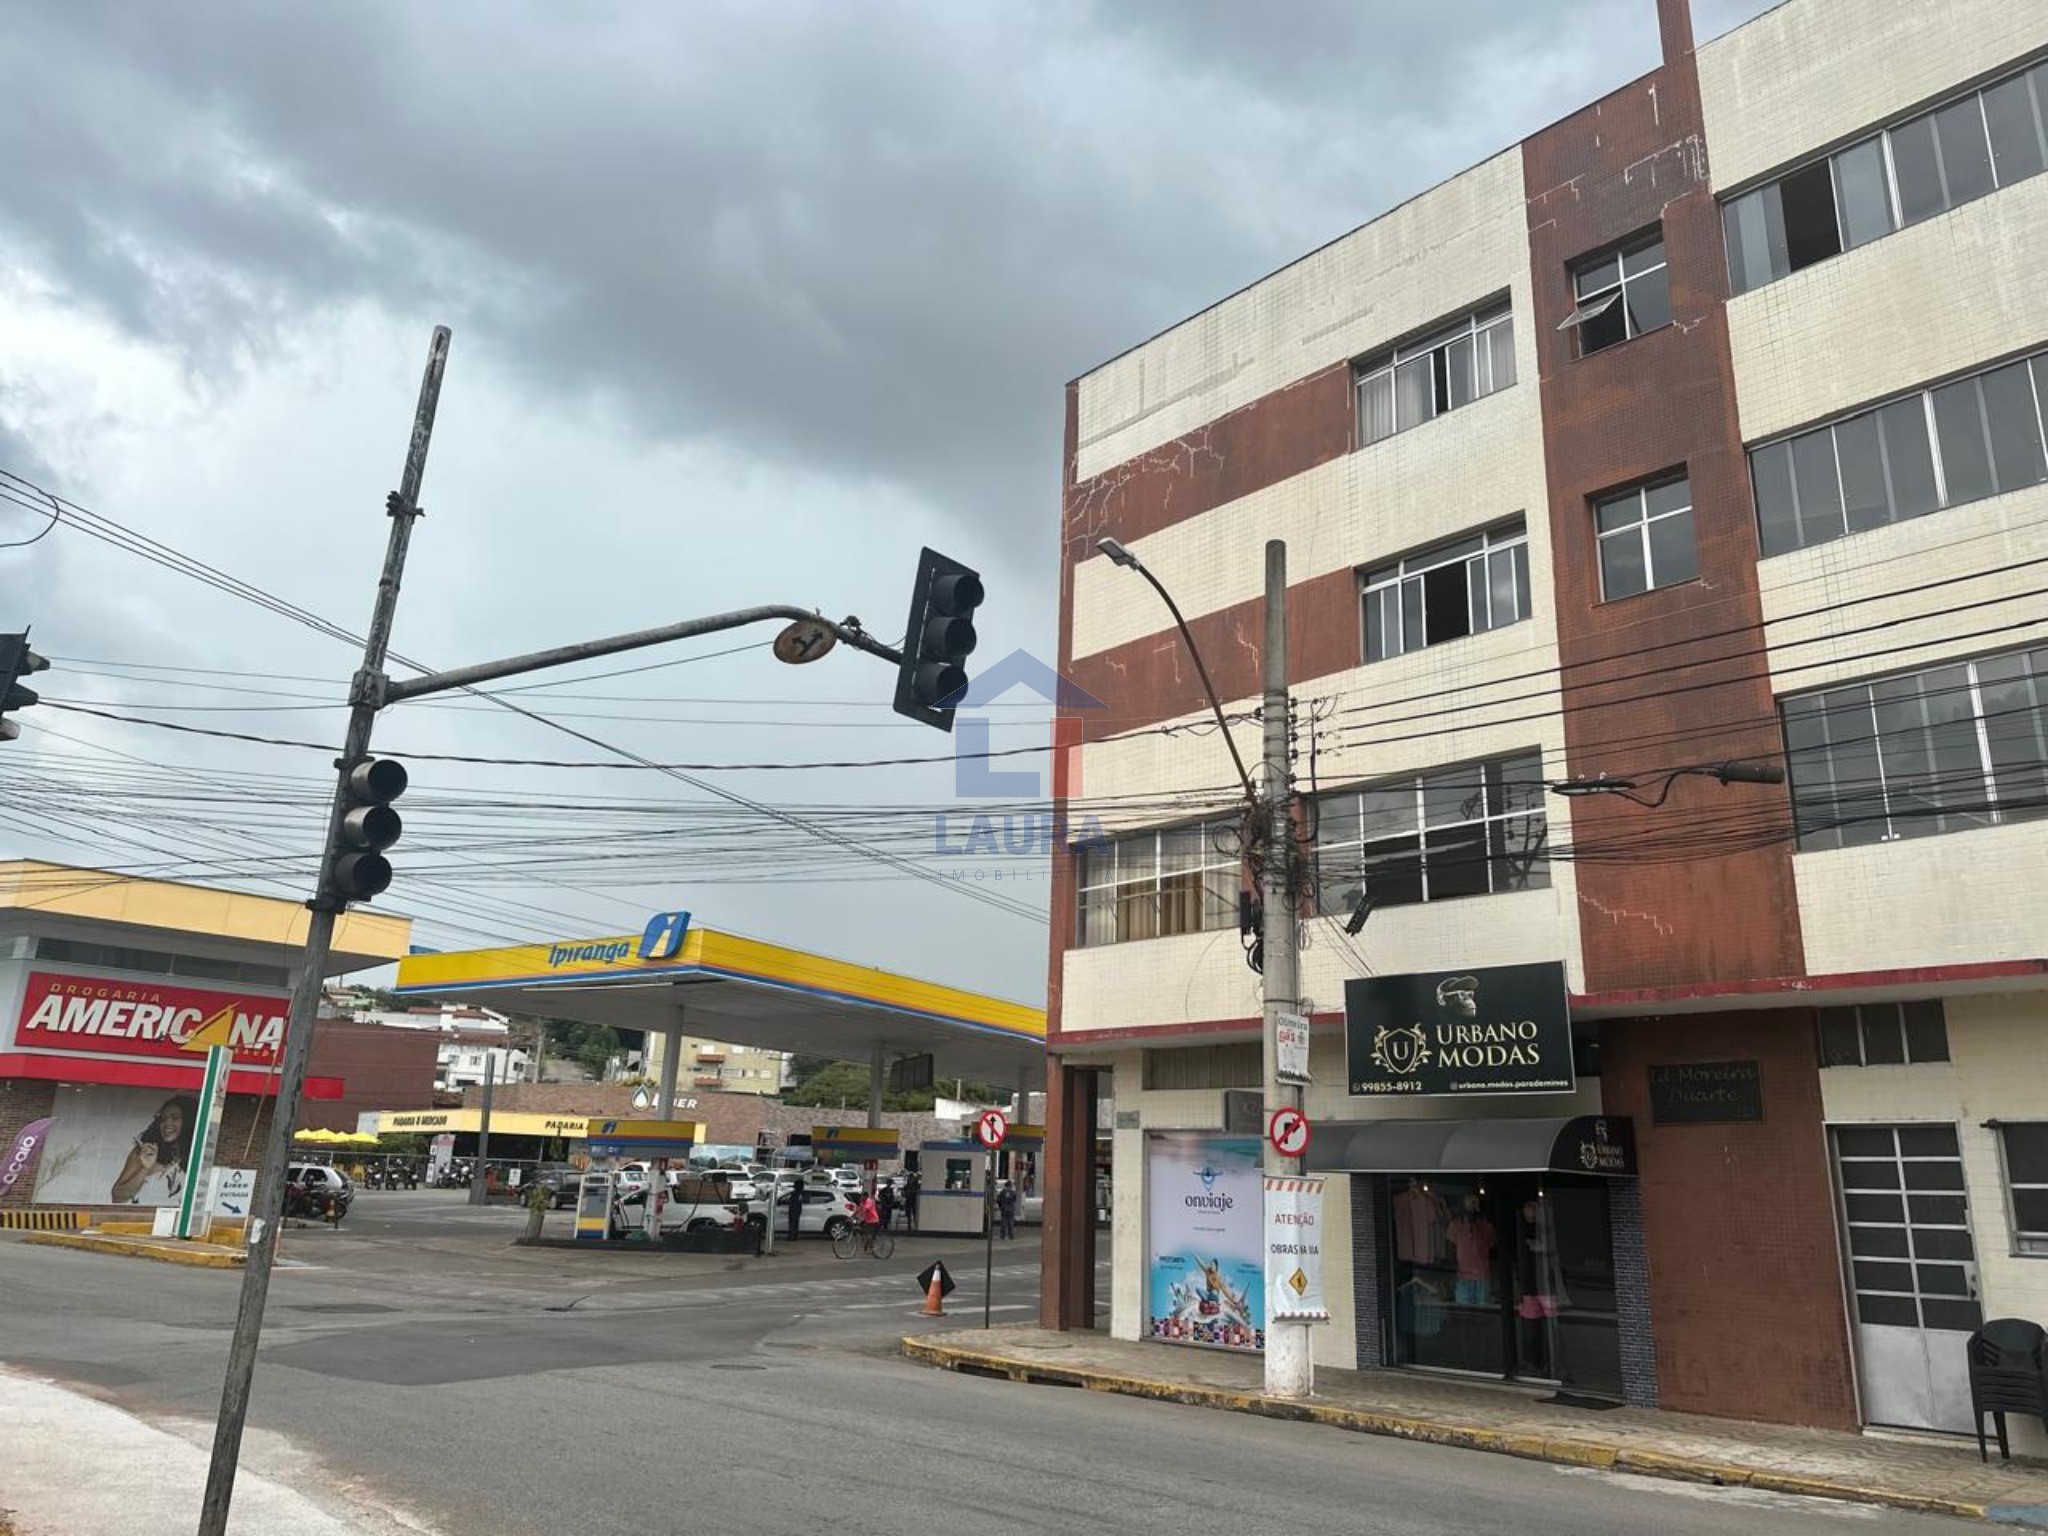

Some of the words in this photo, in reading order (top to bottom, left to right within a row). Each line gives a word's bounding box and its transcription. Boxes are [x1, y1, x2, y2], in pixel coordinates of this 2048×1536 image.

[548, 942, 631, 967] Ipiranga
[50, 982, 160, 1004] DROGARIA
[1436, 1020, 1538, 1045] URBANO
[1437, 1043, 1541, 1068] MODAS
[1361, 1081, 1422, 1092] 99855-8912
[545, 1120, 584, 1130] PADARIA
[1185, 1193, 1233, 1211] onviaje
[1274, 1211, 1315, 1228] ATENÇÃO
[1270, 1244, 1299, 1255] OBRAS

—————

» TASK BRIEF
Only the pictures are dropped. Otherwise, write out the listing exactly.

» OUTPUT OF THE TASK
Some of the words in this photo, in reading order (top to bottom, left to right within a row). Each line gives a word's bounding box and its transcription. Boxes are [x1, y1, x2, y2], in pixel coordinates of this 2048×1536 image.

[548, 942, 631, 967] Ipiranga
[50, 982, 160, 1004] DROGARIA
[1436, 1020, 1538, 1045] URBANO
[1437, 1043, 1541, 1068] MODAS
[1361, 1081, 1422, 1092] 99855-8912
[545, 1120, 584, 1130] PADARIA
[1185, 1193, 1233, 1211] onviaje
[1274, 1211, 1315, 1228] ATENÇÃO
[1270, 1244, 1299, 1255] OBRAS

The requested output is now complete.